Это же сочетание обнаруживается и по отношению к символу мирового дерева. Он нередко появляется на рисунках Эйзенштейна, в том числе и озорных. Согласно выводам велкого русского ученого В.Н.Топорова, исследовавшего историю культуры с точки зрения семиотики, мы все живем в «эпоху мирового дерева» (этого символа по всей видимости не было в глубочайшей древности – в живописных наскальных фресках пещер Верхнего Палеолита). Появление этого архетипического знака на произведениях художника двадцатого века удивления не вызывает. Но по отношению к Эйзенштейну можно по архивным материалам выяснить, как он начинает изучать этот символ, если он оказывается главным для одного из его творений.

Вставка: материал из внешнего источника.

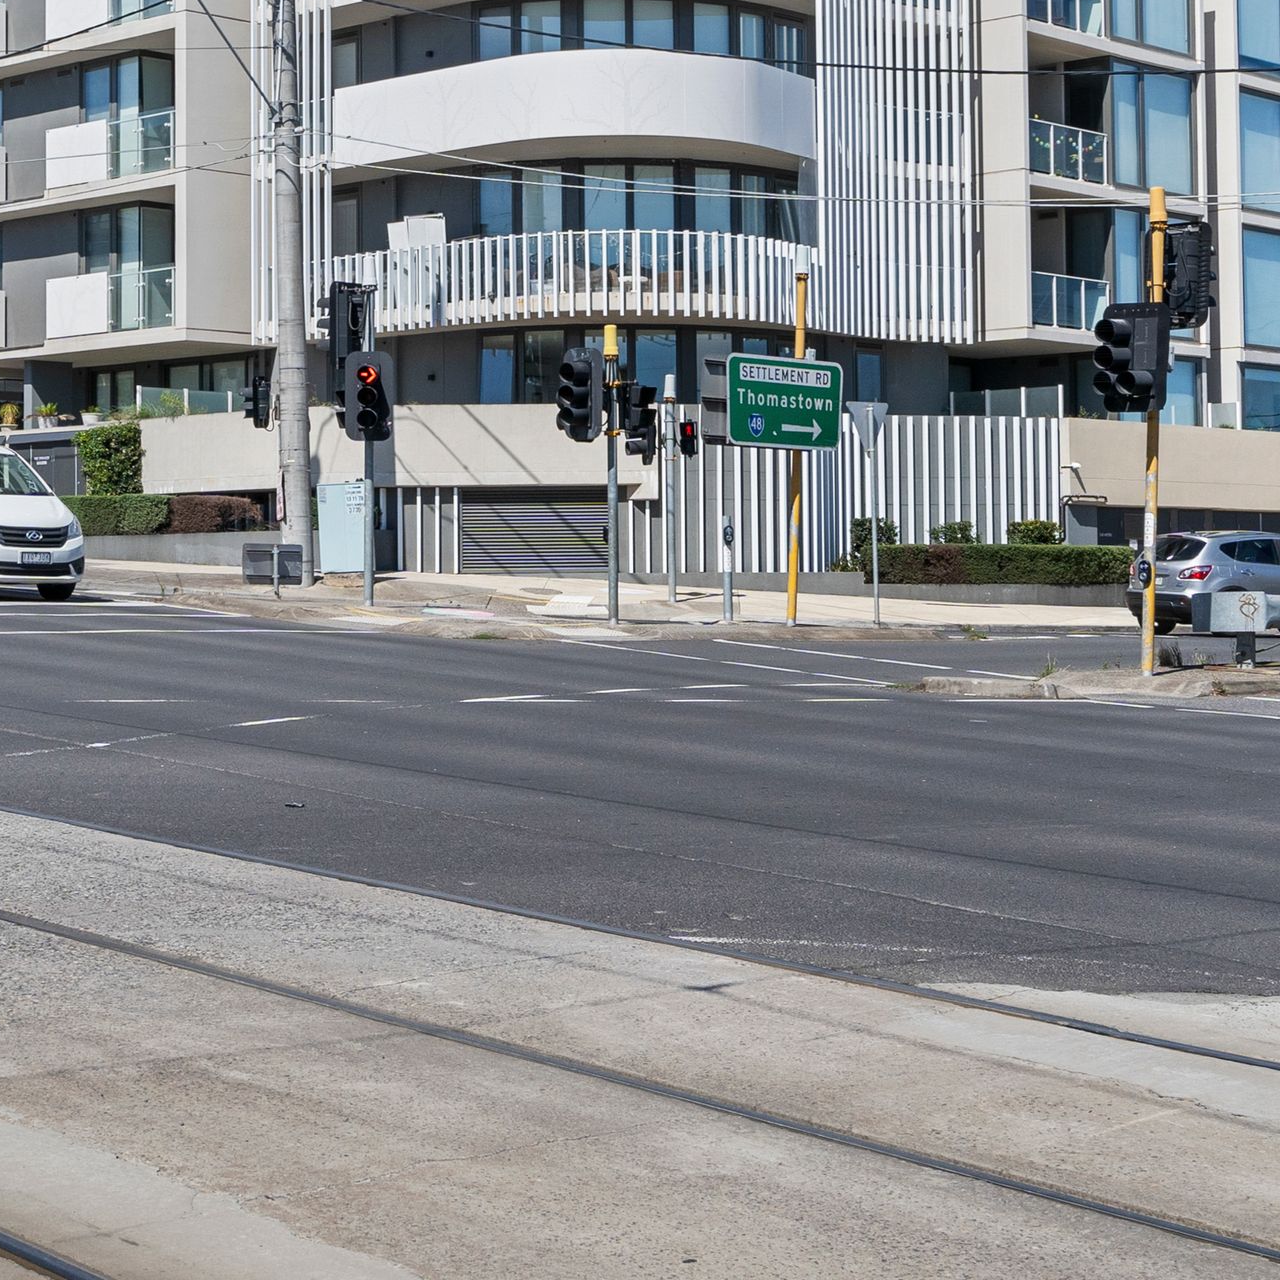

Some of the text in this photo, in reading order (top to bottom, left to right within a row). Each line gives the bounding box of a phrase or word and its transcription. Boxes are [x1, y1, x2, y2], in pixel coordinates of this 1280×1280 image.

[741, 365, 829, 386] SETTLEMENT RD
[737, 387, 833, 412] Thomastown
[750, 417, 762, 430] 48
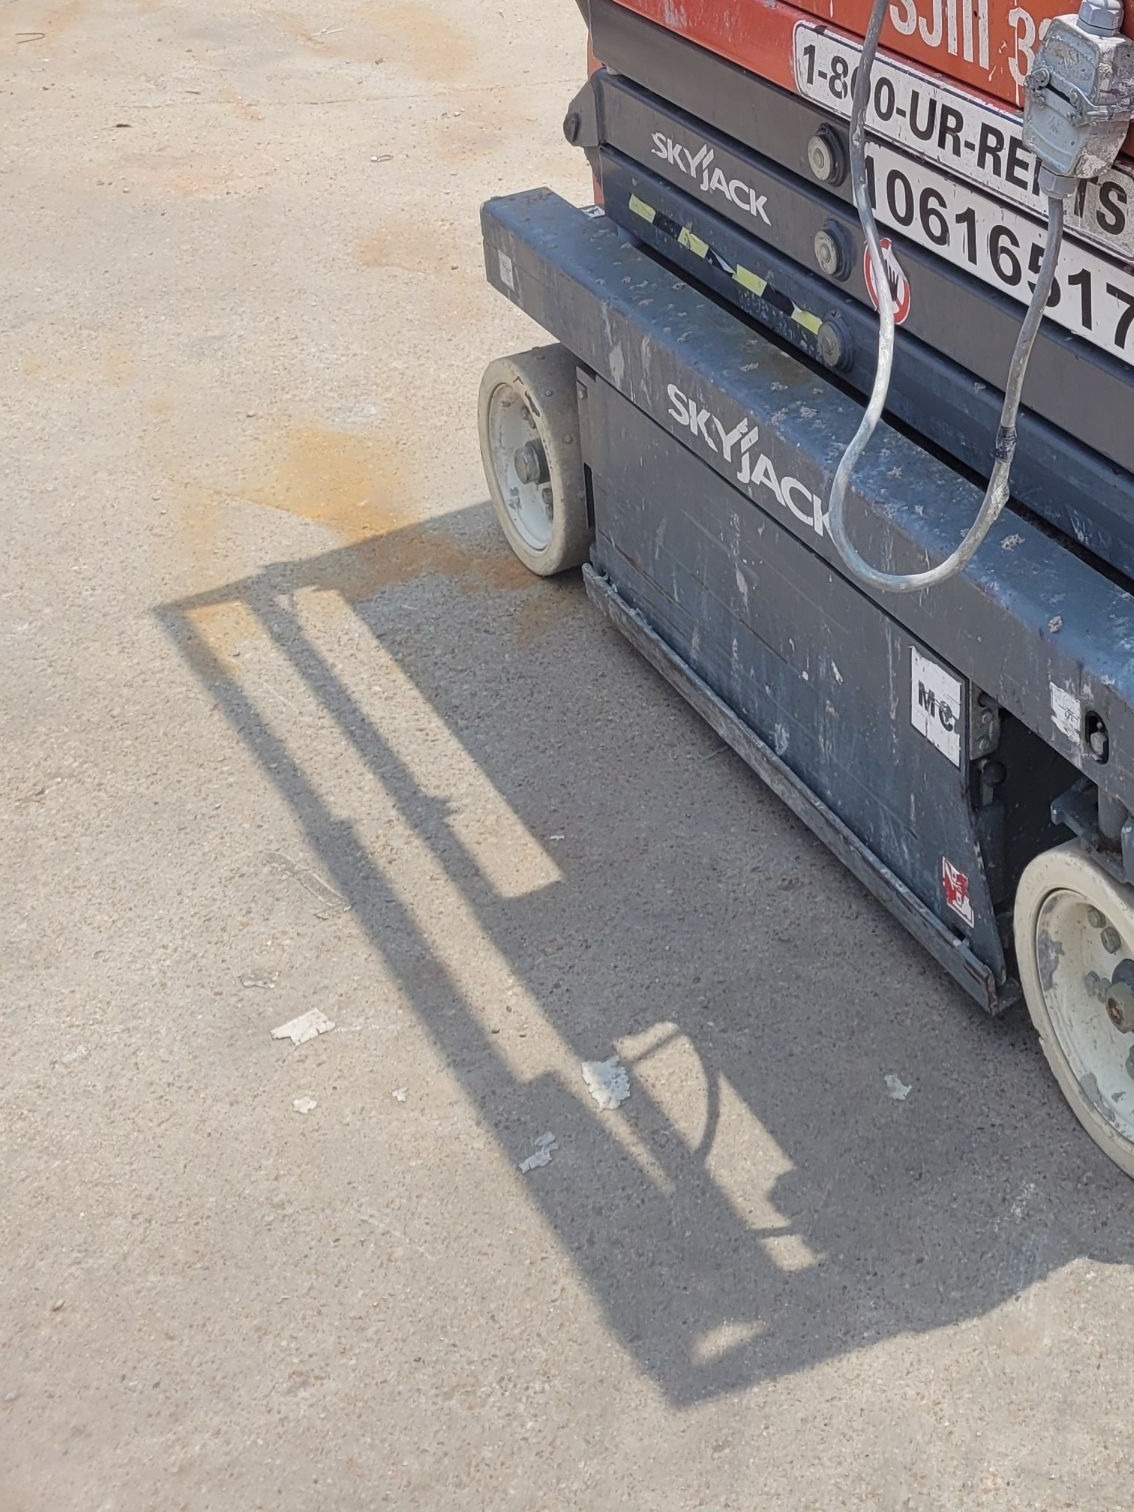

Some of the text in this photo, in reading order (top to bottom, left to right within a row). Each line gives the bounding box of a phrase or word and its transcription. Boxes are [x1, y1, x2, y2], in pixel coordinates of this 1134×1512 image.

[1007, 6, 1053, 87] 3
[650, 131, 772, 227] SKYJACK
[667, 383, 839, 544] SKYJACK

Так случилось при постановке в Большом театре оперы Вагнера «Валькирия». Вскоре после того, как он становится режиссером этого спектакля, на рубеже 1939-го и 1940-го годов он решает, что центральным образом всей постановки будет дерево Иггдрасиль, о котором повествует древнеисландская «Эдда». Изучение символики дерева, рисунки, его изображающие, и заметки о его роли в спектакле идут параллельно. Сохранилась партитура оперы с пометками режиссера. В момент музыкальной паузы он вставляет шуршание листьев дерева. Оно настолько овладевает мыслями режиссера, что он хочет и в звуковой стихии спектакля повторить этот образ (хотя обычно у него скрип сапог отделен от их изображения). Этим центральным архетипическим символом определяется структура сцены в опере и размещение на ней героев и священных животных. Интерес к этому символу в озорных рисунках связан с представлениями режиссера о сексуальной значимости растений как тотемов в мифологии.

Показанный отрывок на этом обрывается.